# donovan pincher, what do u think?



## lcht2

last night i had the opportunity to watch a donovan pincher work. i would have to say that this new breed is insane. also that if this breed gets into the hands of an irresposible owner the world could come down on this breed. the handler was telling me that this is nota first time handler breed as they WILL come up the leash on its owner/handler. 

http://images.google.com/imgres?imgurl=h...l%3Den%26sa%3DN

altho this dog may be takeing a lot of jobs away from the dutchies, mals and GSD's. 

so what do u guys think? the new super working dog??

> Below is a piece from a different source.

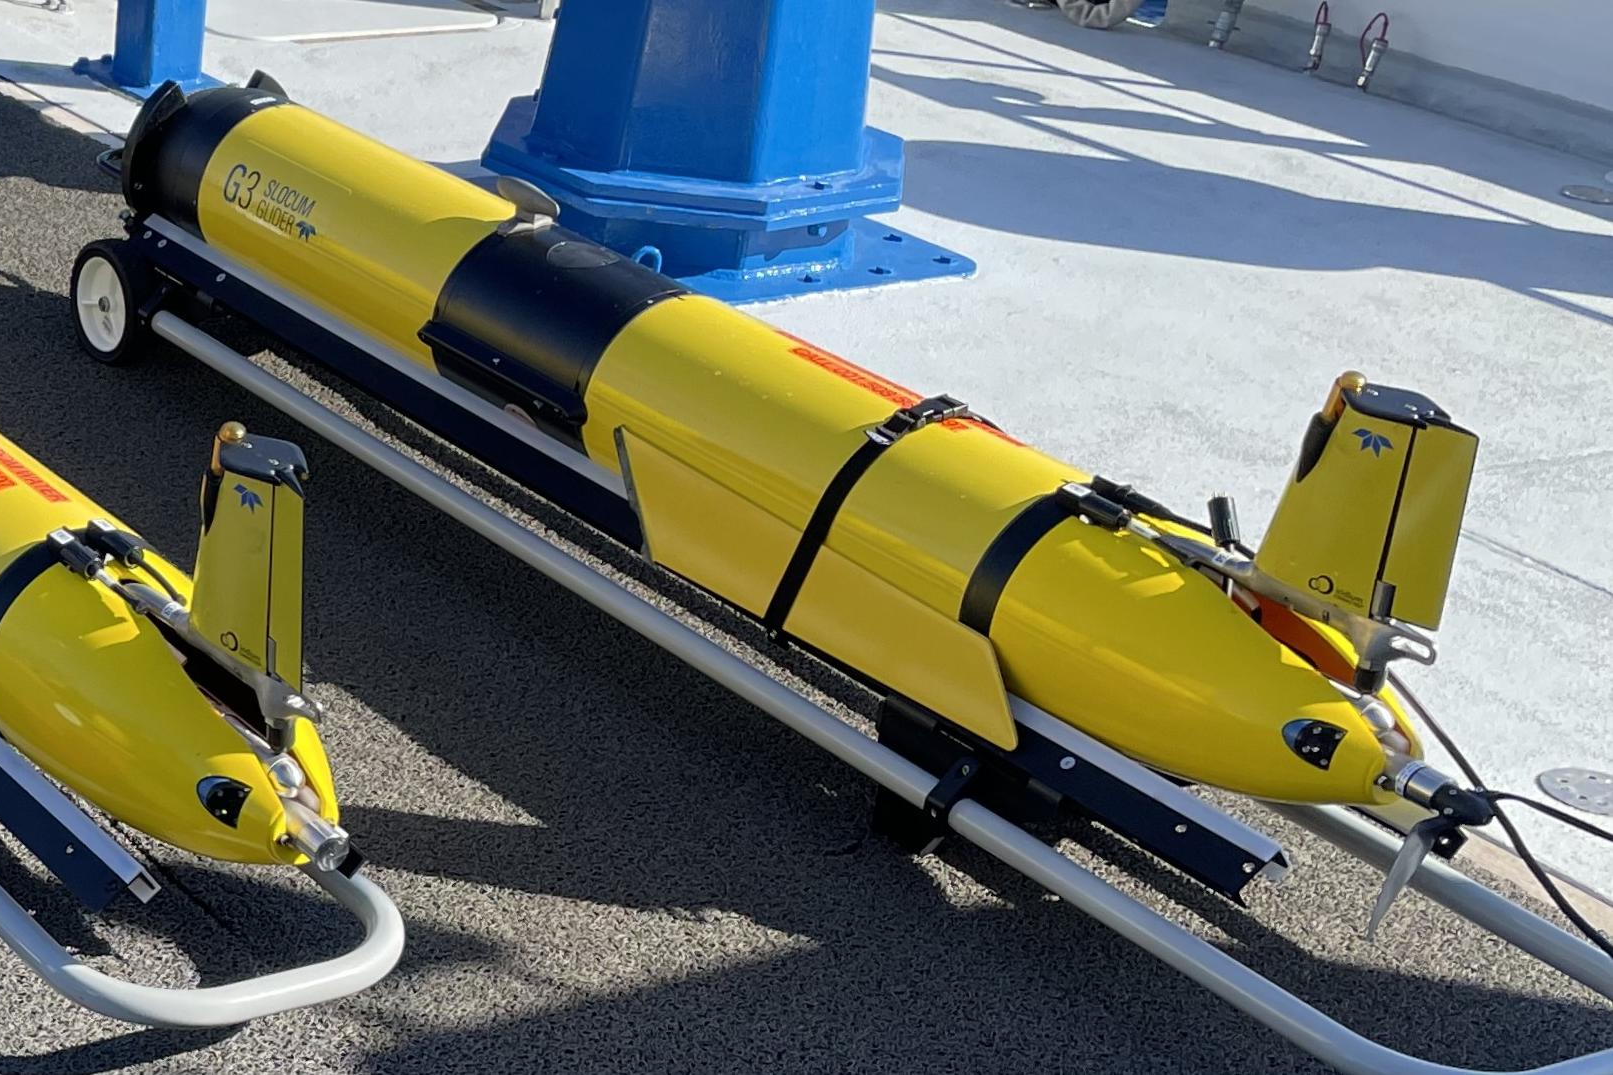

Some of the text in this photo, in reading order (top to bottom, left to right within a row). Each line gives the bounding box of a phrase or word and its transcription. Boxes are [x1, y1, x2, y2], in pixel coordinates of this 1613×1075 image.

(check out youtube and watch some of these dogs work)


----------



## GunnerJones

We talked about them over at Leerburg and we can't figure out his breeding goals and can't see any uniformity in structure in any of the dogs, they all look like non discript mutts and I can imagine the temperments/drives/nerves would be the same


----------



## Fransheska

the one on the link looks scary! 
no matter how "super" the working dog, i would much rather have an OK working dog with a great temperment than one that is likely to 'come up the leash on its owner/handler. '

i doubt these dogs will replace GSDs ect.. i looked them up and alot of them dont even look like the same breed of dog. looks like alot of high drive mutts.


----------



## lcht2

> Originally Posted By: Fransheskathe one on the link looks scary!
> no matter how "super" the working dog, i would much rather have an OK working dog with a great temperment than one that is likely to 'come up the leash on its owner/handler. '
> 
> i doubt these dogs will replace GSDs ect.. i looked them up and alot of them dont even look like the same breed of dog. looks like alot of high drive mutts.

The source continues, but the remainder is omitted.